Advertisement

Copper Markets Brace for an Uncertain Week

From Reuters

The Japanese copper trader who cost his company the world’s biggest loss in a financial market may have made unauthorized deals involving as much as $20 billion a year, the Asahi Shimbun newspaper reported Sunday.

As authorities in Japan, Britain and the United States announced further investigations into how such transactions could go unnoticed for 10 years, copper traders were bracing for a hectic week. Unauthorized copper deals made by Sumitomo Corp. trader Yasuo Hamanaka, who was fired last week, allegedly cost the company $1.8 billion.

The main uncertainty is how Sumitomo, the industrial and commodities company that is the world’s biggest trading force in copper, plans to extricate itself from the copper deals Hamanaka had it locked into.

Advertisement

Since the scandal broke on Thursday, the company has been silent as to its market exposure, but a Japanese newspaper gave an indication of the sums involved. It reported that Hamanaka carried out unauthorized trades of up to $20 billion a year--twice the amount he showed in the company’s official records.

No suggestion has emerged that Hamanaka enriched himself by the dealings.

Sumitomo executives rejected Japanese newspapers’ suggestions that they could have announced the debacle earlier. The executives said they cooperated fully with authorities, and they made statements seeking to reassure the markets.

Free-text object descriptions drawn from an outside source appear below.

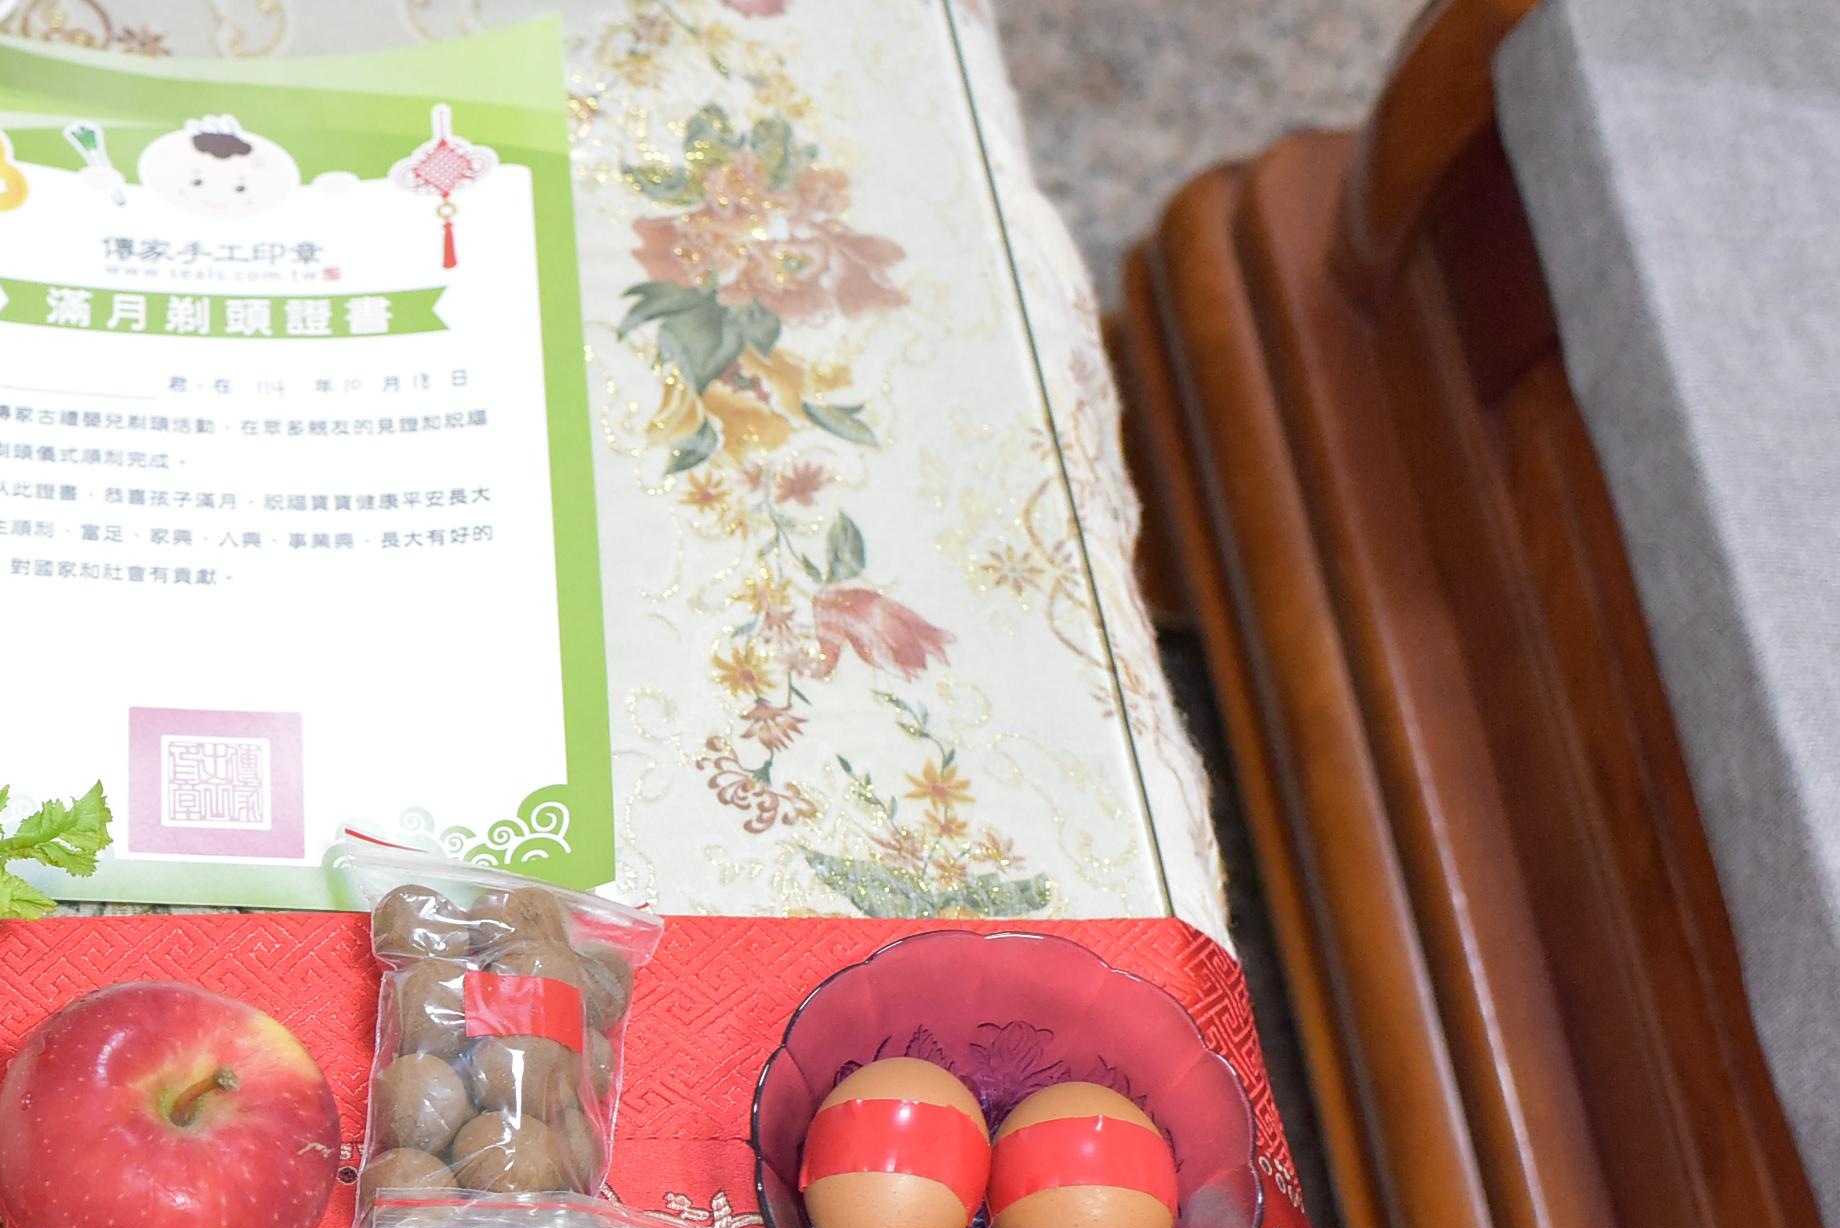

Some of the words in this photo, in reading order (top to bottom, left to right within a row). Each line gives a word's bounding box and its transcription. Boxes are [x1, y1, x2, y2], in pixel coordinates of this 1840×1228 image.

[102, 236, 323, 264] 傳家手工印章
[46, 286, 394, 337] 滿月剃頭證書
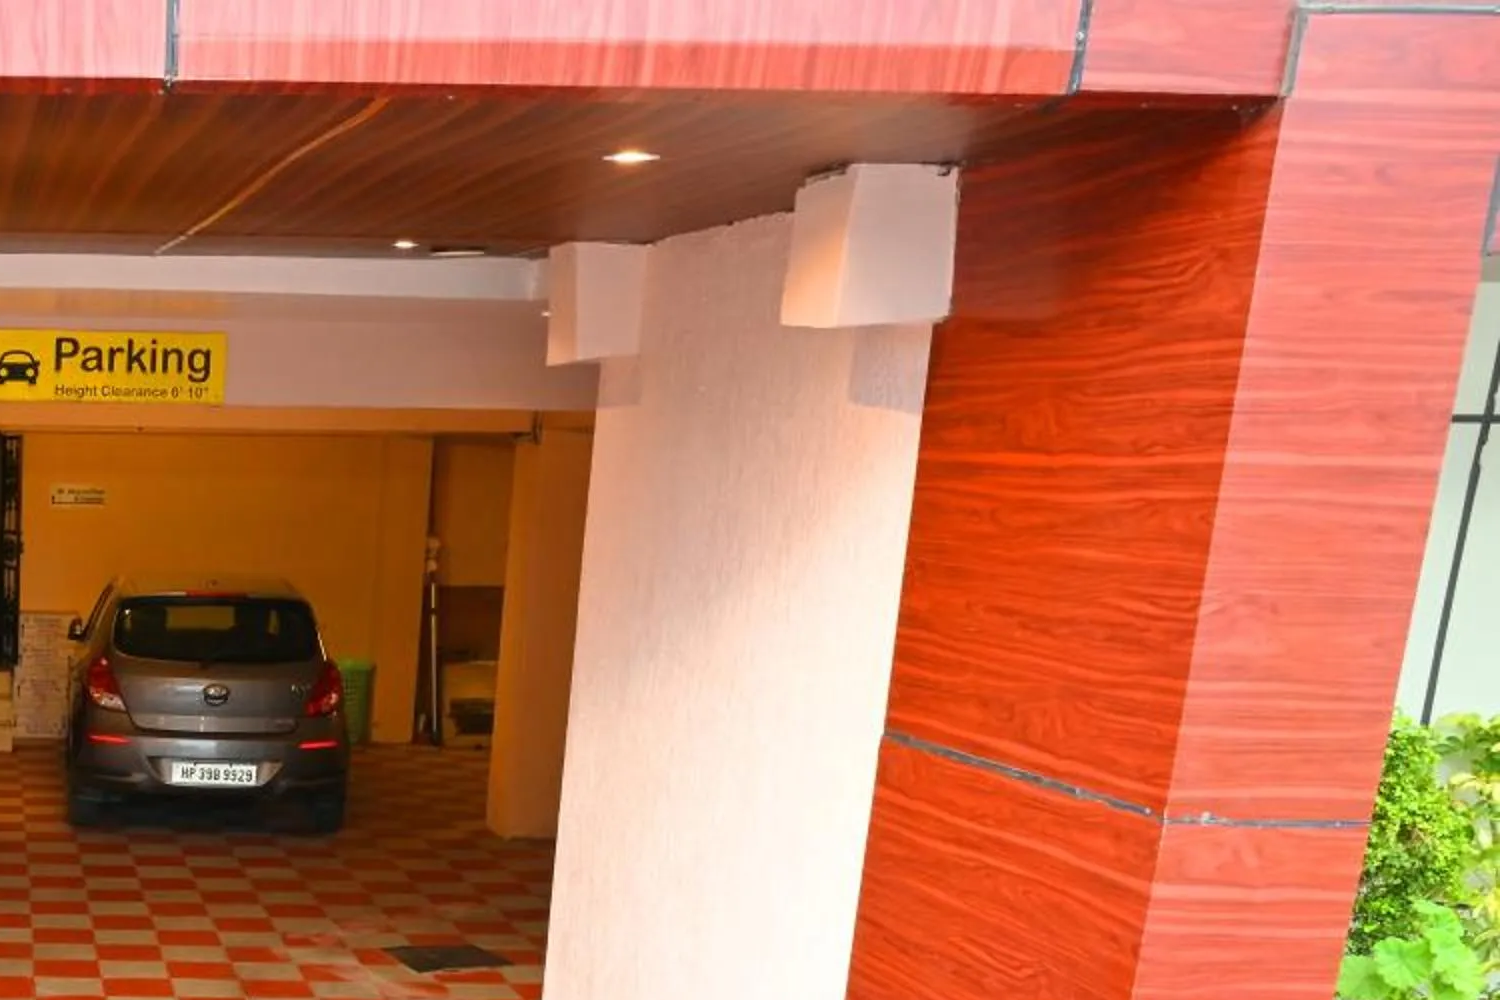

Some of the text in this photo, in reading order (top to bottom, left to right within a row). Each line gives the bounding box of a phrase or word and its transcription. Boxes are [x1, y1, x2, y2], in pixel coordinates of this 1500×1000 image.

[54, 337, 211, 383] Parking
[54, 385, 97, 398] Height
[101, 385, 168, 398] Clearance
[181, 766, 196, 779] HP
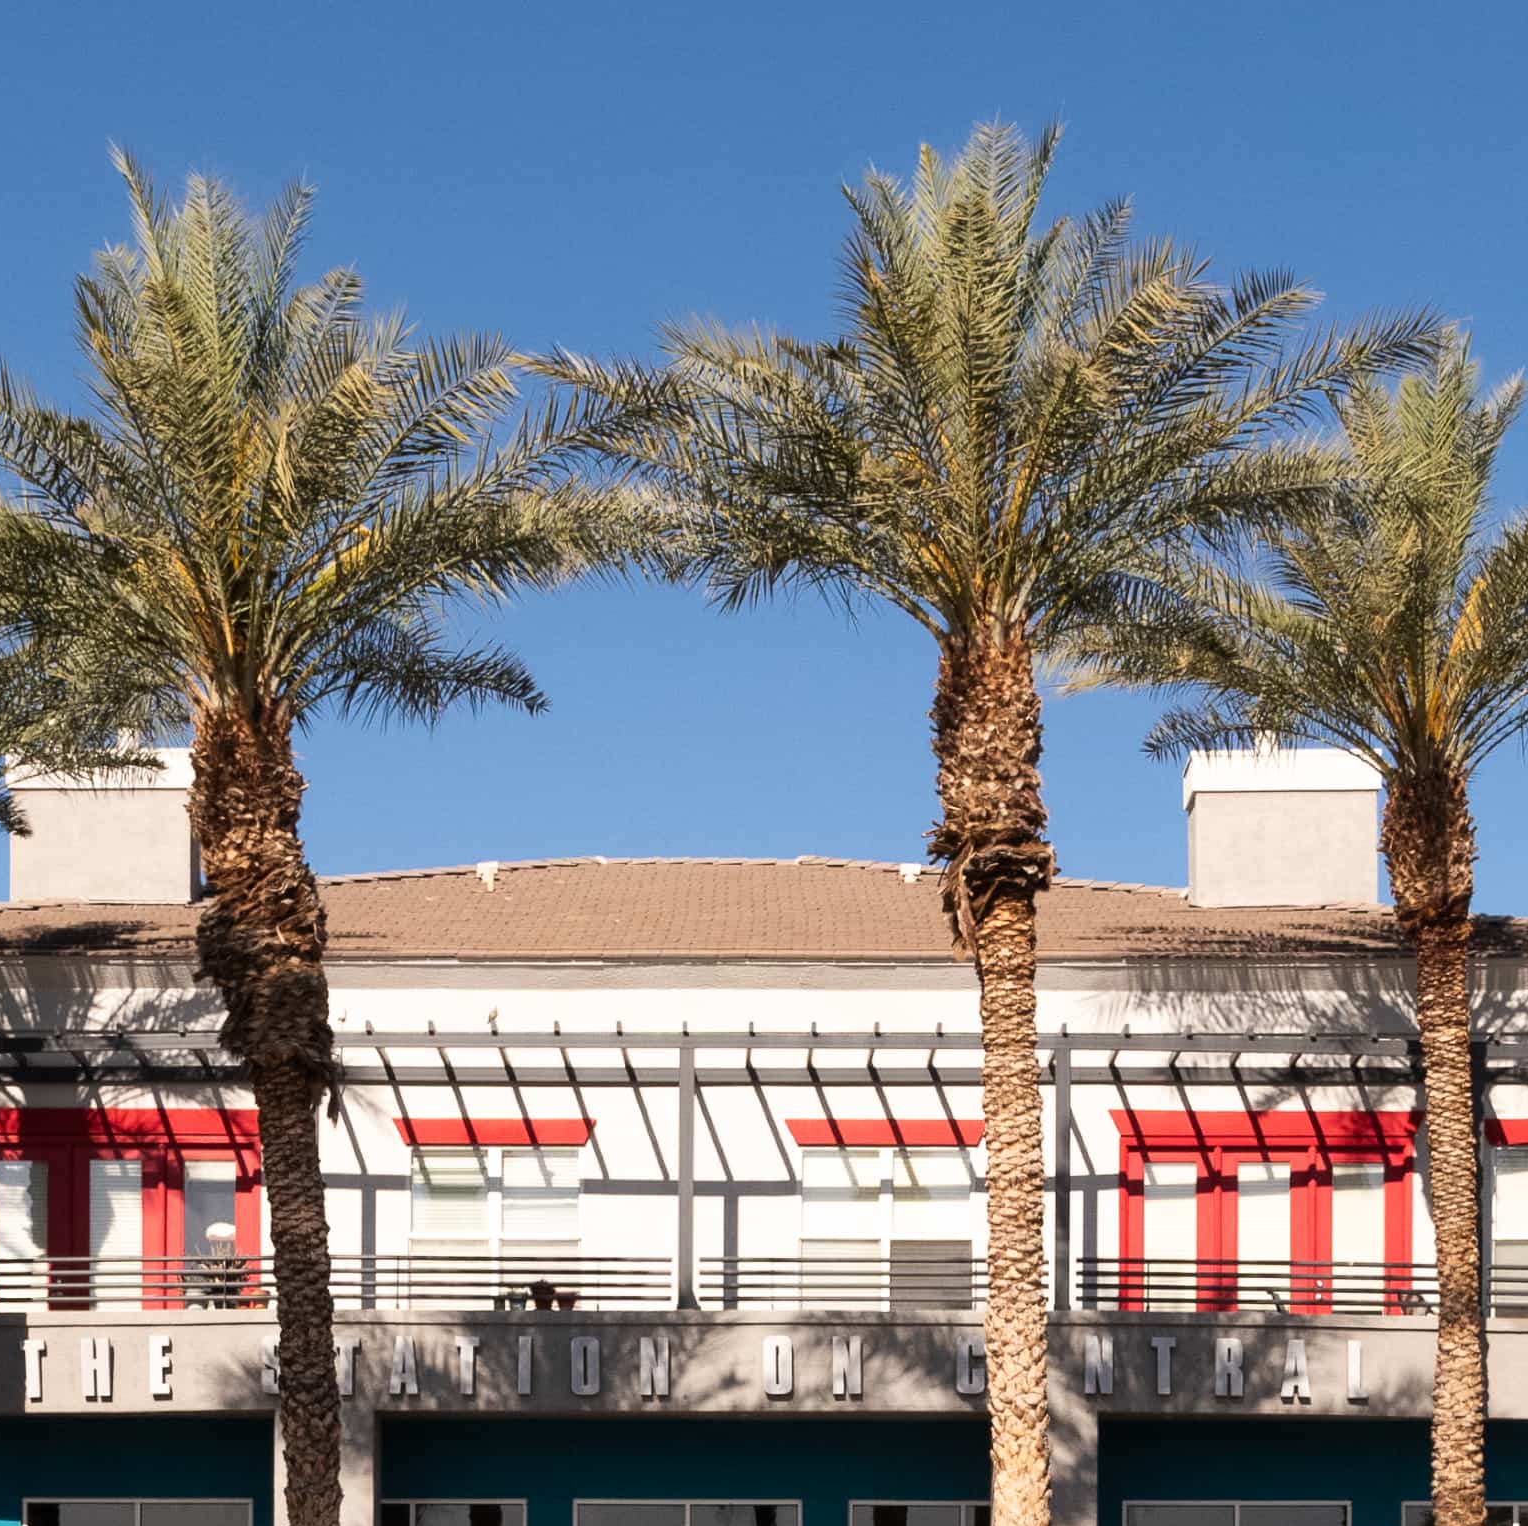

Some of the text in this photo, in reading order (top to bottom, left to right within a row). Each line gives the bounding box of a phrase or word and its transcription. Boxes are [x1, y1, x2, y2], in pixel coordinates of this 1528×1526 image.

[24, 1334, 1369, 1401] THE STATION ON CNTRAL
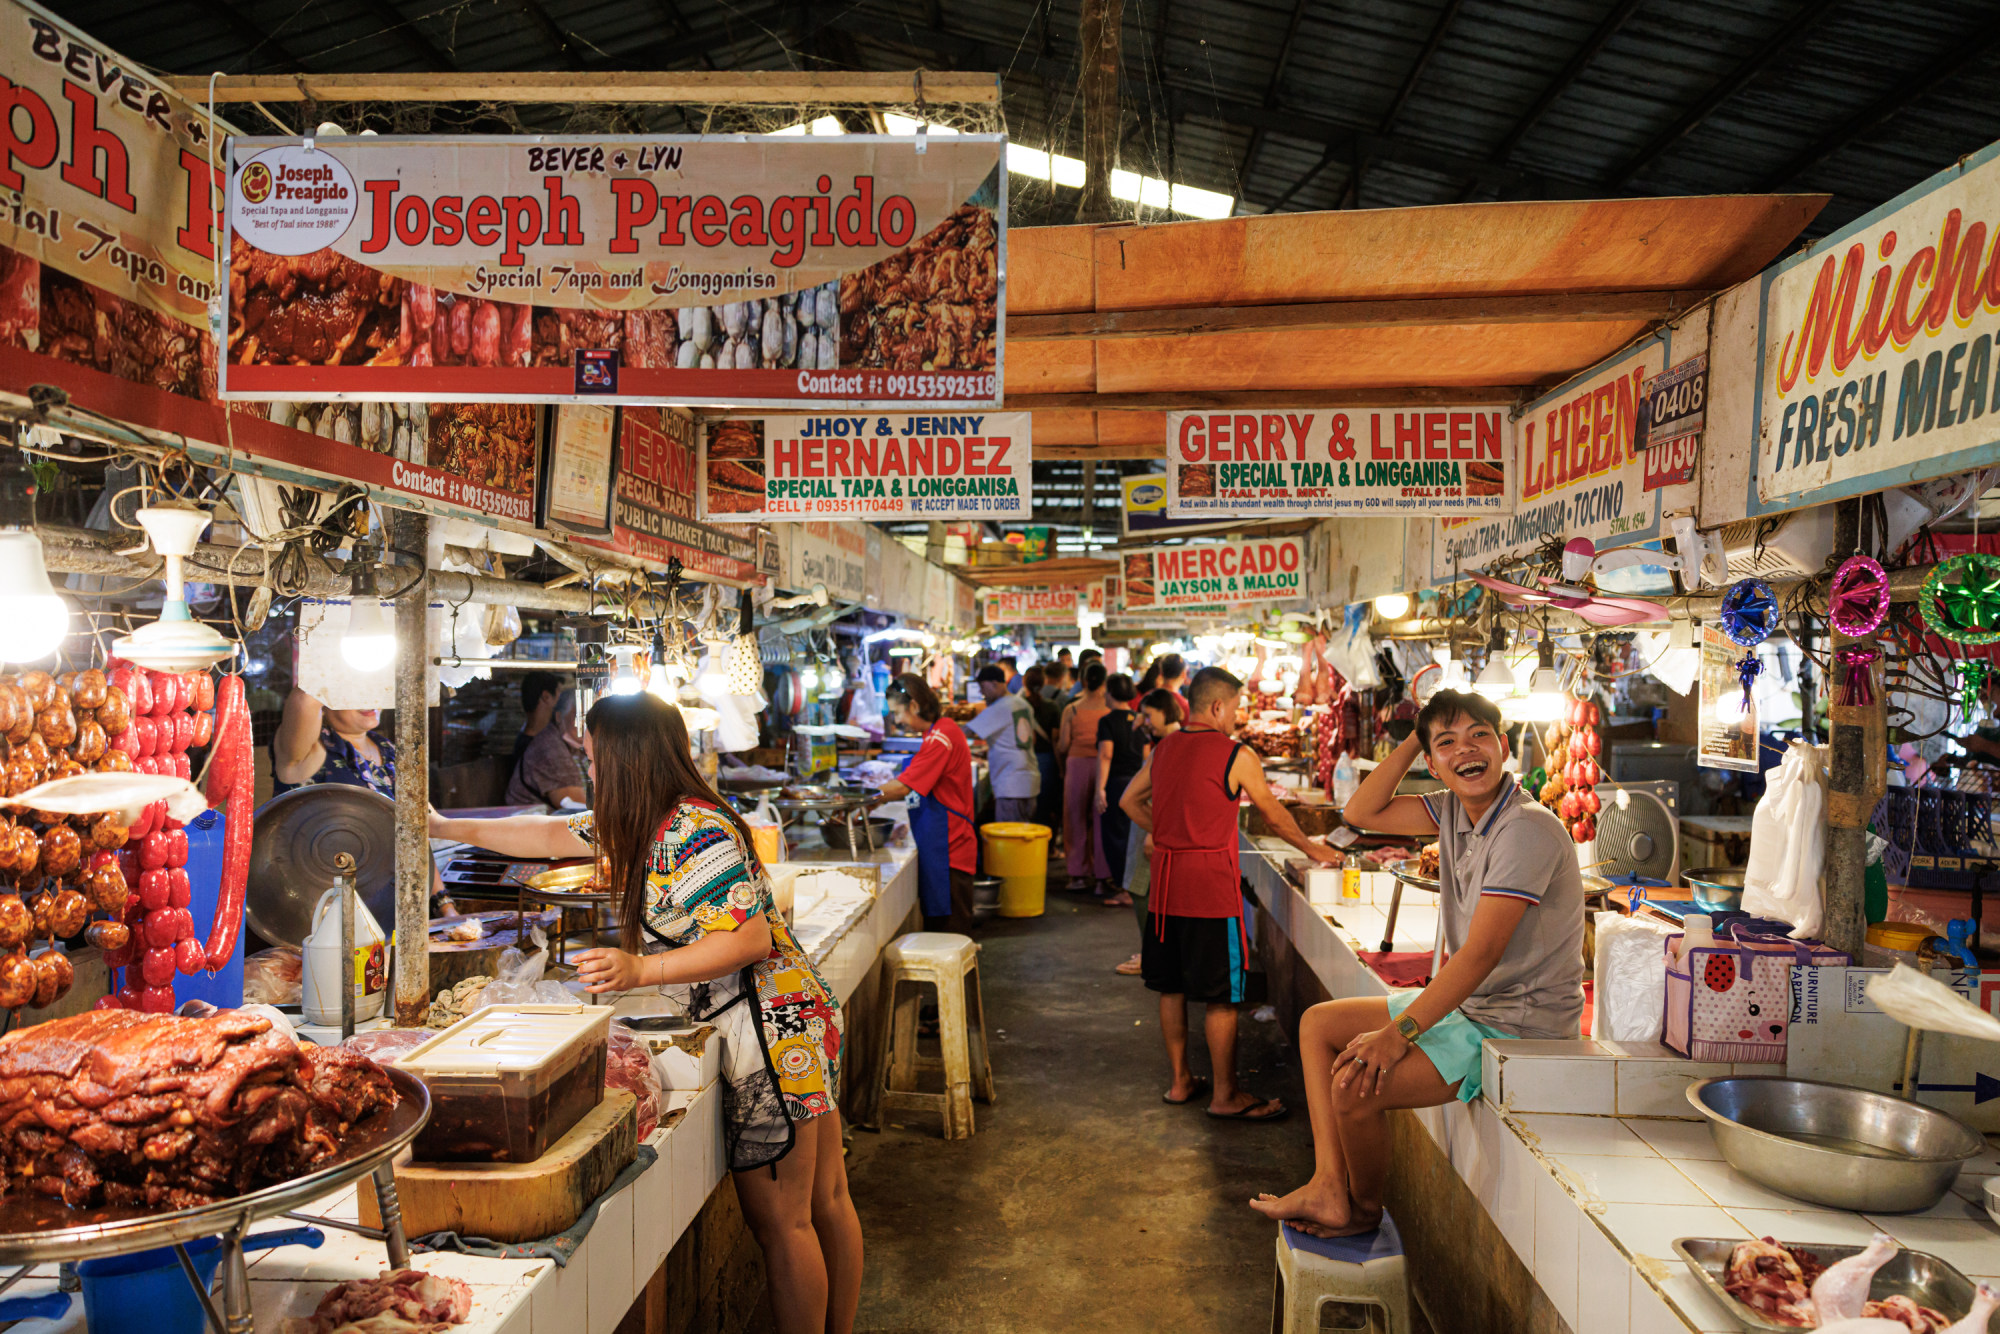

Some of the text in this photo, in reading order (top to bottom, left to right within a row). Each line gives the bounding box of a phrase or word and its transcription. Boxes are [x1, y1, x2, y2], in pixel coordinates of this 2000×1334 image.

“We hold positions in the market, but have no immediate plans to liquidate. We hope the copper market will stabilize and regain order,” Sumitomo President Tomiichi Akiyama said on Friday, when the company announced its losses.

Advertisement

“We believe it is our mission to continue trading and make efforts to stabilize the market,” Akiyama said in an interview with Japan’s financial daily Nihon Keizai Shimbun on Saturday.

But most traders said they doubt such comments are enough to assuage the fear of heavy selling orders from Sumitomo.

“Sumitomo still holds many long orders, and some are options-related. A key point is when and how they will liquidate them,” one Japanese metal trader said.

Advertisement

“Copper prices may crash again if they start liquidating. World metals markets will remain very nervous in the near term,” another metal trader said.

Akiyama said in the Nihon Keizai interview that internal investigations showed Hamanaka had no recent accomplices although he was briefly helped by a trader who left the company eight years ago.

Akiyama said the company was unaware of Hamanaka’s actions because the same person--Hamanaka--was in charge of one section for too long. “We will make it mandatory from now on that we rotate the section heads within a shorter time period,” Akiyama was quoted as saying.

In an interview with the Asahi that appeared Sunday, in which he revealed the annual amount in unauthorized trading Hamanaka carried out, Akiyama said the trader kept a secret record of his unauthorized dealings. He said they added up to twice Sumitomo’s annual copper trading volume. In 1995, that was $9.4 billion.

Akiyama said Hamanaka got away with unauthorized dealings for so long because bank papers related to his transactions that should have been sent to the company’s financial department were instead sent directly to Hamanaka. The company was only fully alerted to Hamanaka’s activities when bank documents were mistakenly sent to the company’s financial department.

The Sumitomo case comes less than a year after Japan’s Daiwa Bank debacle, in which a bond trader at the bank’s New York branch ran up huge losses on unauthorized deals over an 11-year period.